These were plays in our sense, broadly speaking.  But they had a relationship to societal beliefs about the Greek gods that are difficult for us to fully appreciate.  From where we are we can perhaps see it as a combination of religion and archetypal psychology. But it does seem that religious ceremonies were an early model. At first the plays were done with one actor and the chorus.  Aeschylus introduced a second actor (which meant there could be dramatic dialogue between individuals), and Sophocles a third.  The actors wore masks (NCRT uses them for the Aristophanes, but not for Oedipus.  In Oedipus the chorus represents the people of Thebes, but there are speaking roles for specific members.)

 The Theban plays of Sophocles were written over several decades.  Scholarship suggests he wrote them out of order: Antigone when he was 54 and Oedipus the King maybe 15 years later.  The middle play, Oedipus at Colonus, wasn't performed until after his death at the age of 90.

Oedipus the King has been more popular on stage than it seems to be now.  In 1946 it was one of Laurence Olivier's most fabled triumphs.  When Christopher Plummer played Oedipus in the 1968 film (viewable on YouTube), it was his third performance as the character.  The filming took place in an ancient isolated amphitheatre in Greece, during the first days of a repressive military dictatorship.  All Greek artists in every field were in danger of arrest.  The great Irene Pappas was to play Jocasta, but she had to flee the country. (Lili Palmer took the role.)  The production actually harbored a number of Greek artists, poets and intellectuals who escaped Athens and were hiding out as extras.    

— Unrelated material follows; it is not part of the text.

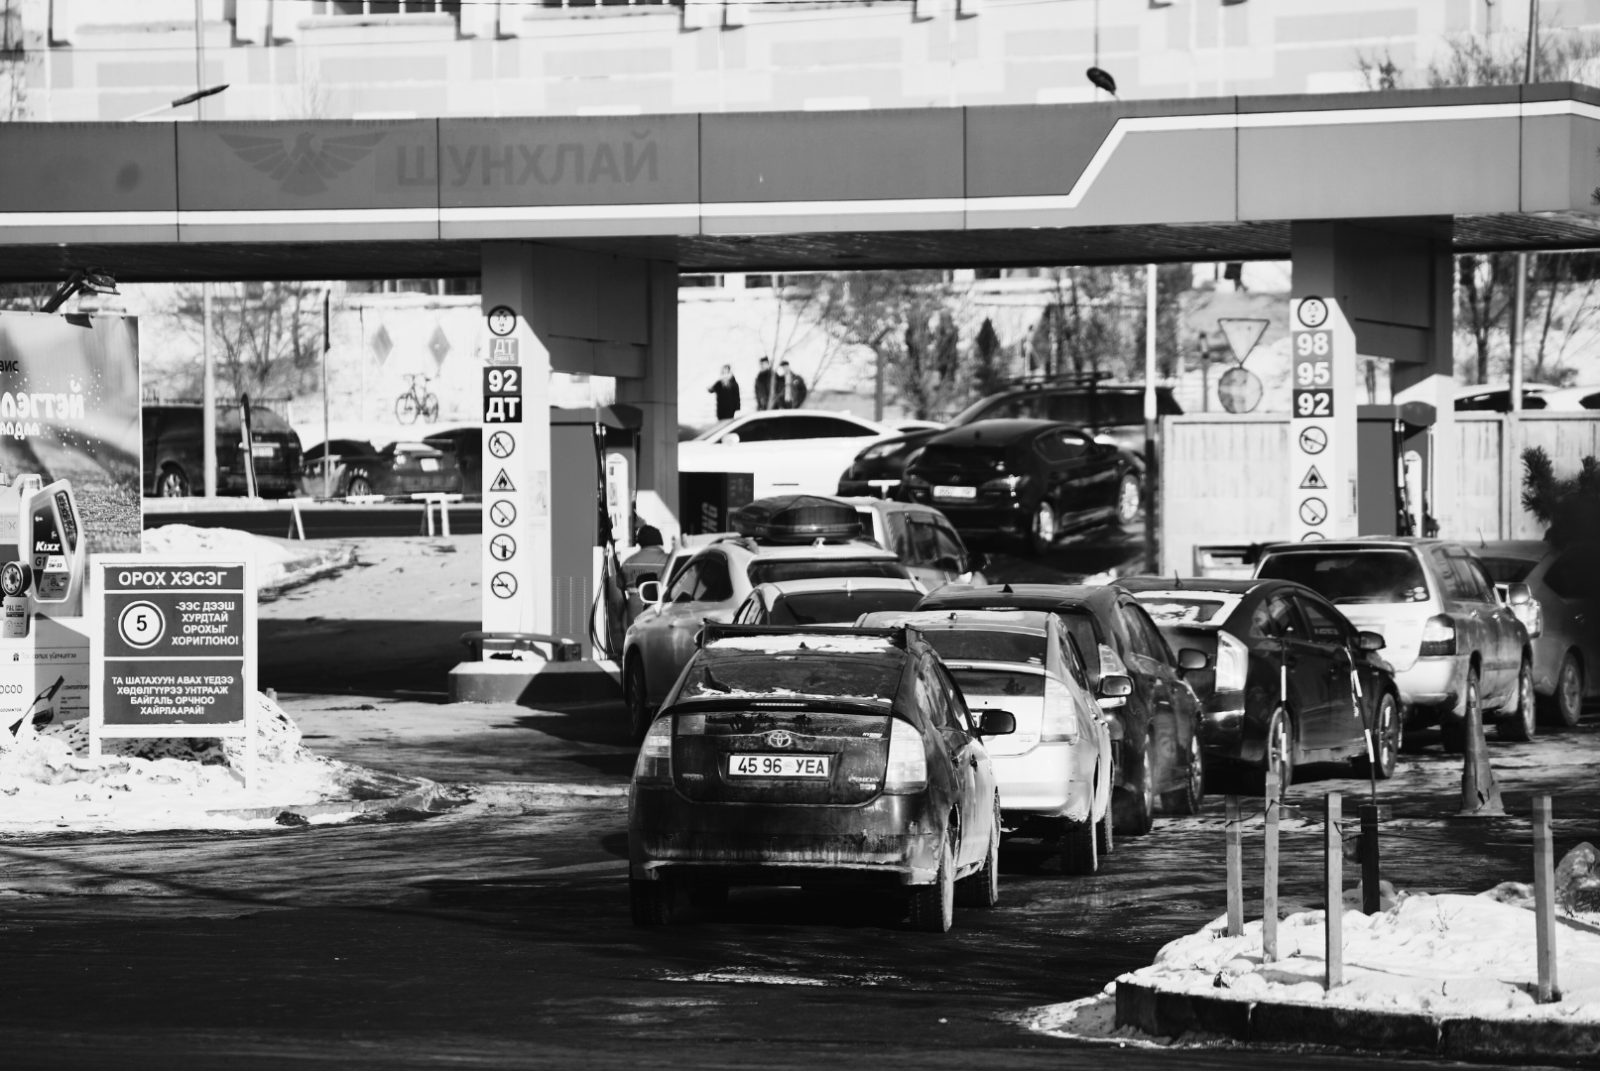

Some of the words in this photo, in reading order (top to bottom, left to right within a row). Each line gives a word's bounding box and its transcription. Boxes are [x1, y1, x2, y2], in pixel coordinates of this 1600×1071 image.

There are plenty of translations, adaptations and modernizations of classic Greek plays.  Most of what I can recall seeing here on the North Coast falls into that third category.  In 2011 HSU hosted the CSU East Bay production of Xtigone, a retelling of Antigone by Chicago playwright Nambi E. Kelley.  In 2008--back when Arcata Playhouse hosted adult plays--the Ghost Road Company of Los Angeles presented a modernized Elektra based on Aeschylus.  Also in 2008, HSU produced Helen, a play by Ellen McLaughlin based on Euripides, directed by Margaret Thomas Kelso.
Darcy Daughtry in Helen 

Of the translations of Oedipus the King I have at hand in my Fortress of Solitude, the one with the most poetic language is by Richard C. Jebb. Olivier performed with a translation by the great 20th century poet W.B. Yeats; Christopher Plummer's film used a translation by poet Paul Roche.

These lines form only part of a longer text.